This is also a very profitable style of criticism: there's a huge commercial market for people who claim to be defending the world from conquest by evil dopamine-hacking sorcerers and/or superintelligent paperclip-maximizers that can chatbot you into killing yourself and/or voting for Trump (brackets derogatory).

The opposite of criti-hype is materialistic criticism, grounded in independently verifiable claims about how these scams work. To be a good tech critic, you need to start by assuming that a company that lies to its users about what it's doing is perfectly capable of lying to its customers and investors about what it's doing (that is, "even if you're paying for the product, you're still the product").

That's demonstrably, verifiably true of the commercial surveillance industry. Commercial spies lie to their customers like crazy, and always have. Think of the department store magnate John Wannamaker's famous quip that "half my advertising dollars are wasted, I just don't know which half." Man, did someone ever do a sell-job on old Wannamaker: imagine believing that only half of your advertising dollars are wasted.
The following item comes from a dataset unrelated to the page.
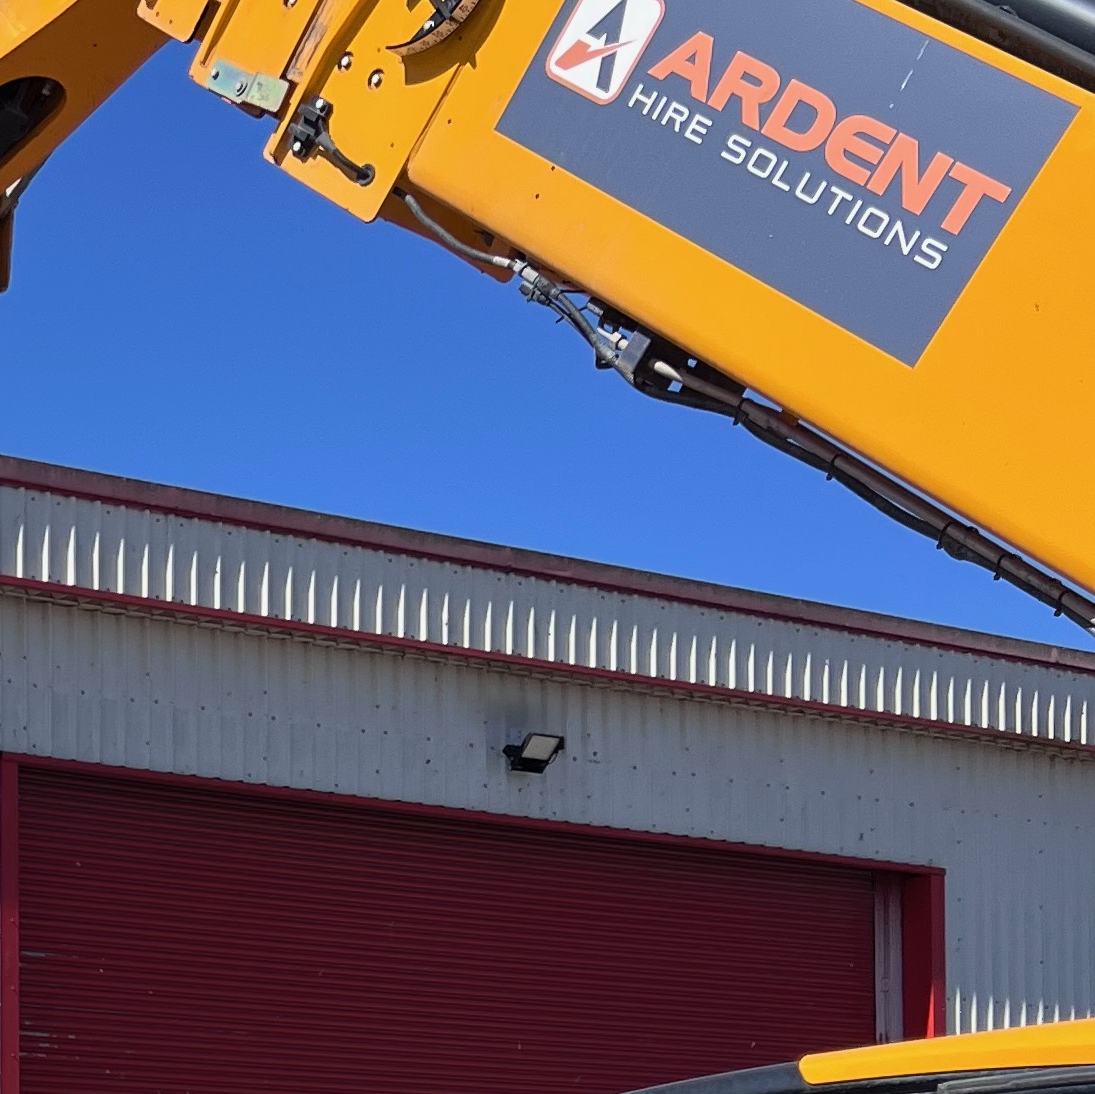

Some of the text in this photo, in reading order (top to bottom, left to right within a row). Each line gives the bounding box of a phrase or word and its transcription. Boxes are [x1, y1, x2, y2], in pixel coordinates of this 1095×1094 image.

Today, thanks to creepy ad-tech analytics, we know that the true figure is around 99%.

Hwang's book documents lots more ad-tech fraud that's every bit as audacious as the Wannamaker-era con-jobs. For example, there's the fact that when Procter and Gamble zeroed out its $200m/year surveillance advertising program, they saw a zero percent drop in sales because (to a first approximation) all $200m of that annual spend was disappearing down the fraud-hole.

There's been plenty more examples since, rivaling previous eras for audacity and outlandishness. In 2023, Mozilla Labs investigated the ways that modern cars spy on their drivers and concluded that, when it came to privacy, cars were "the worst product category" they had ever evaluated, and recommended that you not buy any of the cars currently offered for sale:

https://www.mozillafoundation.org/en/privacynotincluded/articles/its-official-cars-are-the-worst-product-category-we-have-ever-reviewed-for-privacy/

Mozilla's report investigated two things: which data your car was collecting and selling about you (lots) and what data your car company claimed it had collected about you and was offering for sale (way, way more).

For example, Nissan and Kia claimed that they had data about your sex life, a thing that cannot be reasonably inferred from the sensors in your car (unless you have a highly specific sex life). Six car companies claimed they had your genetic data (again, not a thing that any of the sensors in your car can know about).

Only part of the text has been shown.